Nous ne sommes pas la Hollande !
Nous ne sommes pas la Hollande !

Nous ne sommes pas la Hollande !

Même le pays paradis du vélo n'a pas toujours été ce qu'il est aujourd'hui

Article publié le vendredi 08 septembre 2017 à 15h35 et mis à jour le lundi 13 avril 2020 à 14h50.

Depuis quelques jours, les reportages et articles à propos du plan vélo de la ville de Paris s'accumulent dans les médias. Et dans les commentaires et autres réactions aux micros des journalistes, l'automobiliste parisien dénonce souvent une chose : "On a pas la culture hollandaise !" ou encore "Nous ne sommes pas la Hollande !"

Précision importante. La Hollande n'est pas un pays, c'est une région des Pays-Bas (Hollande-Septentrionale et Méridionale). Cette vérité étant rétablie, passons maintenant à une petite leçon d'urbanisme historique.

Vive la voiture

Au sortir de la seconde guerre mondiale, l'Europe toute entière est meurtrie. Il faut reconstruire. Il faut relancer l'emploi.

Et pour relancer l'emploi, il faut que les gens puissent se déplacer. Les difficultés d'approvisionnement et notamment la pénurie de charbon induisent la production de petites voitures économiques (époque de la Renault 4CV - 1946). Le Plan Pons en France relance l'industrie automobile. En Europe, malgré des débuts difficiles, la production de voiture triple durant les Trentes Glorieuses.

C'est le boom économique des années d'après-guerre. De plus en plus de personnes ont les moyens de s'offrir une voiture.

La révolution automobile est en marche. Les urbanistes voient en elle le transport du futur. On lui déroule le tapis rouge en lui accordant une large place dans l'espace public. On construits des parkings immenses. On bâtit des autoroutes. Comme dans de nombreux autres pays d'Europe occidentale, les Pays-Bas n'échappent pas à la règle, même Amsterdam se remplit de voitures.

Parisien, toi aussi tu peux devenir amstellodamois !

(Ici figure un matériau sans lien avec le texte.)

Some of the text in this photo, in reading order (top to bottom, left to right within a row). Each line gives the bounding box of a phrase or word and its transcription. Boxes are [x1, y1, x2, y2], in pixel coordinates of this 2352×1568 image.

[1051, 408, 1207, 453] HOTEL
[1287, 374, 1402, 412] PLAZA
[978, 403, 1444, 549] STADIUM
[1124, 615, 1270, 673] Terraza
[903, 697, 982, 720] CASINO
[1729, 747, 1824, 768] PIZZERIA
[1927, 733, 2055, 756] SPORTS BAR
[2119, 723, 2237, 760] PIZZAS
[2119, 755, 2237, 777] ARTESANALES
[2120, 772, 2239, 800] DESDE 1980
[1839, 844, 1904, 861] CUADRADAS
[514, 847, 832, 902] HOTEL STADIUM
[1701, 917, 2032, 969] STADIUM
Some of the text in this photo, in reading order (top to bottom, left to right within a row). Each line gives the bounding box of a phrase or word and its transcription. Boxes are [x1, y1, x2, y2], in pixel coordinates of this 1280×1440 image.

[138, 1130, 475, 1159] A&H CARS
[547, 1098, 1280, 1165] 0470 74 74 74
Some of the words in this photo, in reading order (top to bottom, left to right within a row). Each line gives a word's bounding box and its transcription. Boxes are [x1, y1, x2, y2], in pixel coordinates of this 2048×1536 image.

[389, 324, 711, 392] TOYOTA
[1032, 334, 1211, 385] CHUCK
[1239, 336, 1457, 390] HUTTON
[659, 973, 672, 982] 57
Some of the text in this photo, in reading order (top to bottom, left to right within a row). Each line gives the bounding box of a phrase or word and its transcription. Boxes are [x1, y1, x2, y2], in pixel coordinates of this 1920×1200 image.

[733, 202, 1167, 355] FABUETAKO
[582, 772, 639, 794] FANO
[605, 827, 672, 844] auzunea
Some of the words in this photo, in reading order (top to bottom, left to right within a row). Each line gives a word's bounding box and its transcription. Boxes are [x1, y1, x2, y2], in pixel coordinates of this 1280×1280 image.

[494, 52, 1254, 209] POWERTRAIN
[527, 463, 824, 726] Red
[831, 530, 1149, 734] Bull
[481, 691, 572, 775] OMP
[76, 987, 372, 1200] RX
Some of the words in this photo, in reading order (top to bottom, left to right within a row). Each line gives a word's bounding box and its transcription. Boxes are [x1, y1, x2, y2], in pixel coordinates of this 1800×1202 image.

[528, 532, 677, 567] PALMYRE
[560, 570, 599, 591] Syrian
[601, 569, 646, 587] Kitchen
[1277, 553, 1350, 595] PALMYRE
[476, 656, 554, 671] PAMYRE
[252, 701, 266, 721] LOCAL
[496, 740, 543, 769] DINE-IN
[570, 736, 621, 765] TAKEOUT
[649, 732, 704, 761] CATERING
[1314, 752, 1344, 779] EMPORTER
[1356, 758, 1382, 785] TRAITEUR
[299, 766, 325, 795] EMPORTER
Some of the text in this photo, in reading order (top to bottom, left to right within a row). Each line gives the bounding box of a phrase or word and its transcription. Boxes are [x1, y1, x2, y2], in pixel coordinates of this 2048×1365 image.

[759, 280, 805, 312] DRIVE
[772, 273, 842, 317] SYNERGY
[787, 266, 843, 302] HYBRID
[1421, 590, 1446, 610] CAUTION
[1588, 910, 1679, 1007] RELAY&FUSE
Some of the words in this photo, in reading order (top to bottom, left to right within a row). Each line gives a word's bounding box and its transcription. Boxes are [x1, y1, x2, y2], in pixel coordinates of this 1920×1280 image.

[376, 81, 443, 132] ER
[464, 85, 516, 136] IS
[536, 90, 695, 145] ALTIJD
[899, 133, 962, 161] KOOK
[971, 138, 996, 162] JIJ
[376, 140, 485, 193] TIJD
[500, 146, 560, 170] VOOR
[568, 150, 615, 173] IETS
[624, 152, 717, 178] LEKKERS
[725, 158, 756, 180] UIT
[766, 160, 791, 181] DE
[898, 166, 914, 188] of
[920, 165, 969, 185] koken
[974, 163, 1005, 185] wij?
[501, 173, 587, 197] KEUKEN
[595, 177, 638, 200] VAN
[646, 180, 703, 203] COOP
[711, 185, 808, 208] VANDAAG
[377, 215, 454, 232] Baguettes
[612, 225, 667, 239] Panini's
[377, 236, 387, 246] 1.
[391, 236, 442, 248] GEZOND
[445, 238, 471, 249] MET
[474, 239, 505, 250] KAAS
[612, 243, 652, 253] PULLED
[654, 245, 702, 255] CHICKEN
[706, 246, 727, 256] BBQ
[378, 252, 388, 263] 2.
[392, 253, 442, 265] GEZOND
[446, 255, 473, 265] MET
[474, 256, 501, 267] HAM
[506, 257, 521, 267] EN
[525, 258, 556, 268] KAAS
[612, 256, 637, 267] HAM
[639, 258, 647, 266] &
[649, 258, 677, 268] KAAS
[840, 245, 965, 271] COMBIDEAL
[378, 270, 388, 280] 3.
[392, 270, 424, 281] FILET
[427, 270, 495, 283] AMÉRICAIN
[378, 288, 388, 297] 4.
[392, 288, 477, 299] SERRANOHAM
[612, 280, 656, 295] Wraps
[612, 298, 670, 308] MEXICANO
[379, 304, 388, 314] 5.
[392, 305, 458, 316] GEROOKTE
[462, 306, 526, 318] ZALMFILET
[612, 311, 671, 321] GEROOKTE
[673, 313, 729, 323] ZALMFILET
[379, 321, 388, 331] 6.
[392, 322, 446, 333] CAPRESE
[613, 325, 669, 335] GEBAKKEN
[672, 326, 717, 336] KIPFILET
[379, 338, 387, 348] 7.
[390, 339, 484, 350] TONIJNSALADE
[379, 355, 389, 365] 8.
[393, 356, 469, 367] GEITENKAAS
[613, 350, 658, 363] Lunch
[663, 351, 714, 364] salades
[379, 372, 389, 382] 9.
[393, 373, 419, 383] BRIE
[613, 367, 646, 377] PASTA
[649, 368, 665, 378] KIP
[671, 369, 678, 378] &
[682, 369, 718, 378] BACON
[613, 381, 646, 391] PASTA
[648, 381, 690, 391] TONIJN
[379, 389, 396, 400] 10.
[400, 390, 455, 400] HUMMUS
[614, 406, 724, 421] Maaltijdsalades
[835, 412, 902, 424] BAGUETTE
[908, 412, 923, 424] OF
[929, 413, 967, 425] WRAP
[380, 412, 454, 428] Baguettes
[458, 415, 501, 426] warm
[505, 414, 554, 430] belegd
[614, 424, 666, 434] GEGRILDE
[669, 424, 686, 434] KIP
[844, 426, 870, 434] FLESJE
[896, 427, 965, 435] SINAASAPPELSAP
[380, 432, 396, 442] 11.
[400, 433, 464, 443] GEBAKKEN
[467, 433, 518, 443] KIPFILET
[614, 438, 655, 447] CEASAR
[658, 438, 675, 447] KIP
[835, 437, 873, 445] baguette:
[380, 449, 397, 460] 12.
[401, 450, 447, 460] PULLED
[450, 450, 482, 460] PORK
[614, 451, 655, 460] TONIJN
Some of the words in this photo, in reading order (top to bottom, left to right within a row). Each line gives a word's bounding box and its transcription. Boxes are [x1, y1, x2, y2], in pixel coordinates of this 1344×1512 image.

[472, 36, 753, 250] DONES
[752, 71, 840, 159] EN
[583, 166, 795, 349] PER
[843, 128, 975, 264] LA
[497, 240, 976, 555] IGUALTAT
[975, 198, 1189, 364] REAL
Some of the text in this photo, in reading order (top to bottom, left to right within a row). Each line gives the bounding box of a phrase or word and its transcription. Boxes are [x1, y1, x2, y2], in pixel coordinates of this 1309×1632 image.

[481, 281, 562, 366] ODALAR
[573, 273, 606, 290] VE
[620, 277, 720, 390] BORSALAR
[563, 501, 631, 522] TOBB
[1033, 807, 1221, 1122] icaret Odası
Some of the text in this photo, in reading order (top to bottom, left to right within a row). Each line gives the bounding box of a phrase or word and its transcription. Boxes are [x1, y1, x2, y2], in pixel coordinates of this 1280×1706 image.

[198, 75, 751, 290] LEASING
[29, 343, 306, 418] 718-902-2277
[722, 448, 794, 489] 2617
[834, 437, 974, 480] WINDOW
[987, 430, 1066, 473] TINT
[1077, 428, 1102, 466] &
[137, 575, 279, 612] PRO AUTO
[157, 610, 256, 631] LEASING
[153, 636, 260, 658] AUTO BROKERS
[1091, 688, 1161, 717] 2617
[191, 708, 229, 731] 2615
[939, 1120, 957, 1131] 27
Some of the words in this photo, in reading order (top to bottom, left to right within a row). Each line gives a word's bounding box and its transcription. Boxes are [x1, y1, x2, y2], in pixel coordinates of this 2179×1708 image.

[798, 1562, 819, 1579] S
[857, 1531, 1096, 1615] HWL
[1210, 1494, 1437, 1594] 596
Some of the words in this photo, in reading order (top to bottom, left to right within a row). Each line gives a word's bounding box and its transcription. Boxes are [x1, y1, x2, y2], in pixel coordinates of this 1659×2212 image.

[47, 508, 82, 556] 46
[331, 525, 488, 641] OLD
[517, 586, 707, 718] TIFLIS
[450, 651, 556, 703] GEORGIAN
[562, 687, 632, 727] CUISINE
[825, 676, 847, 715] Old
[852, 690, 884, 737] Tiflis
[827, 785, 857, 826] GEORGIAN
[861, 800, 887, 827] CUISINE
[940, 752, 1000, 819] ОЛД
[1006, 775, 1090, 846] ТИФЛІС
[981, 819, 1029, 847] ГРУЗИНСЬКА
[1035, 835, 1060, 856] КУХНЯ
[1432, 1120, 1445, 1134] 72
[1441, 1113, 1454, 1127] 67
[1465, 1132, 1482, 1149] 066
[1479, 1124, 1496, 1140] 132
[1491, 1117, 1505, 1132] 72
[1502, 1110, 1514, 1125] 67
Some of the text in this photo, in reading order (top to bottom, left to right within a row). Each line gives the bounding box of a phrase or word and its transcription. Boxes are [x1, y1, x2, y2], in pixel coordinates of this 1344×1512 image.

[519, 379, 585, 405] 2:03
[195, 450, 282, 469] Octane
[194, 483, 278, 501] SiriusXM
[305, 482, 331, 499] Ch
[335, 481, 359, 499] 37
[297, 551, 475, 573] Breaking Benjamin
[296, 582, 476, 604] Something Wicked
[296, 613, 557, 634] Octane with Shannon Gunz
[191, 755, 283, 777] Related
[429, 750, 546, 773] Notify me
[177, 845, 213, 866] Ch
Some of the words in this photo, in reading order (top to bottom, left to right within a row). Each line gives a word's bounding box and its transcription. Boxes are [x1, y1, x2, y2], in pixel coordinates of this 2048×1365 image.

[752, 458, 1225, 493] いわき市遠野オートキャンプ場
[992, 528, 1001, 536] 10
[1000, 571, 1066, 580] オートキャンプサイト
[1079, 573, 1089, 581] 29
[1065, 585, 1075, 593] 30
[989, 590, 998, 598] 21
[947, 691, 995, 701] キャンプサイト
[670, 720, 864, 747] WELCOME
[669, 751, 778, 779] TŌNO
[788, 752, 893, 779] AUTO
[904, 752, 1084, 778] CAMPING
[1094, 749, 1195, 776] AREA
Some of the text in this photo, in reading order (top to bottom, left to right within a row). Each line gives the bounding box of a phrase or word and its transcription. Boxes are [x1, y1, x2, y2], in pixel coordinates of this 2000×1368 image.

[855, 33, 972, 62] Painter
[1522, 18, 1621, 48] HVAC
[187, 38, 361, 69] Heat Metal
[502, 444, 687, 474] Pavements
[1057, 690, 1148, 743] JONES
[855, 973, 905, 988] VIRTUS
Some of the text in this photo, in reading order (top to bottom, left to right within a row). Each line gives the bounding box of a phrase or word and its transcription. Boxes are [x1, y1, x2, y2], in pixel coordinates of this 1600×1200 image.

Oui, même Amsterdam ! La ville, citée maintes et maintes fois comme le paradis du vélo, ne l'a pas toujours été. Et ce n'est pas une légende urbaine. Preuve à l'appui, voici des photos prises au cœur de la capitale batave voici quelques décennies. Oui, là-bas aussi, la bagnole avait envahi l'espace.

C'est moche, n'est-ce pas ? Et il s'agit pourtant bien d'Amsterdam, dans les années 50-60. (Source : Beeldbank Amsterdam)

Pour parfaitement voir la différence entre le passé et le présent de cette ville, je vous invite à aller voir le travail de Cornelia Dinca et Thomas Schlijper.

L'une est urbaniste, l'autre est photographe. Sur une idée originale de Marco te Brommelstroet (Fietsprofessor, tweet ci-dessus), tous deux ont monté le projet "Sustainable Amsterdam" qui met justement en lumière et en image, l'incroyable transformation urbanistique de le ville.

De la bagnole au vélo

Qu'est ce qui va déclencher la profonde transformation d'un pays auto-centré vers un pays vélo-centré ? Tout d’abord, un éveil des consciences lors du premier choc pétrolier de 1973. Quand l'Arabie Saoudite impose un embargo sur le baril, le pays, comme d'autres pays scandinaves, prend conscience de son extrême dépendance au pétrole.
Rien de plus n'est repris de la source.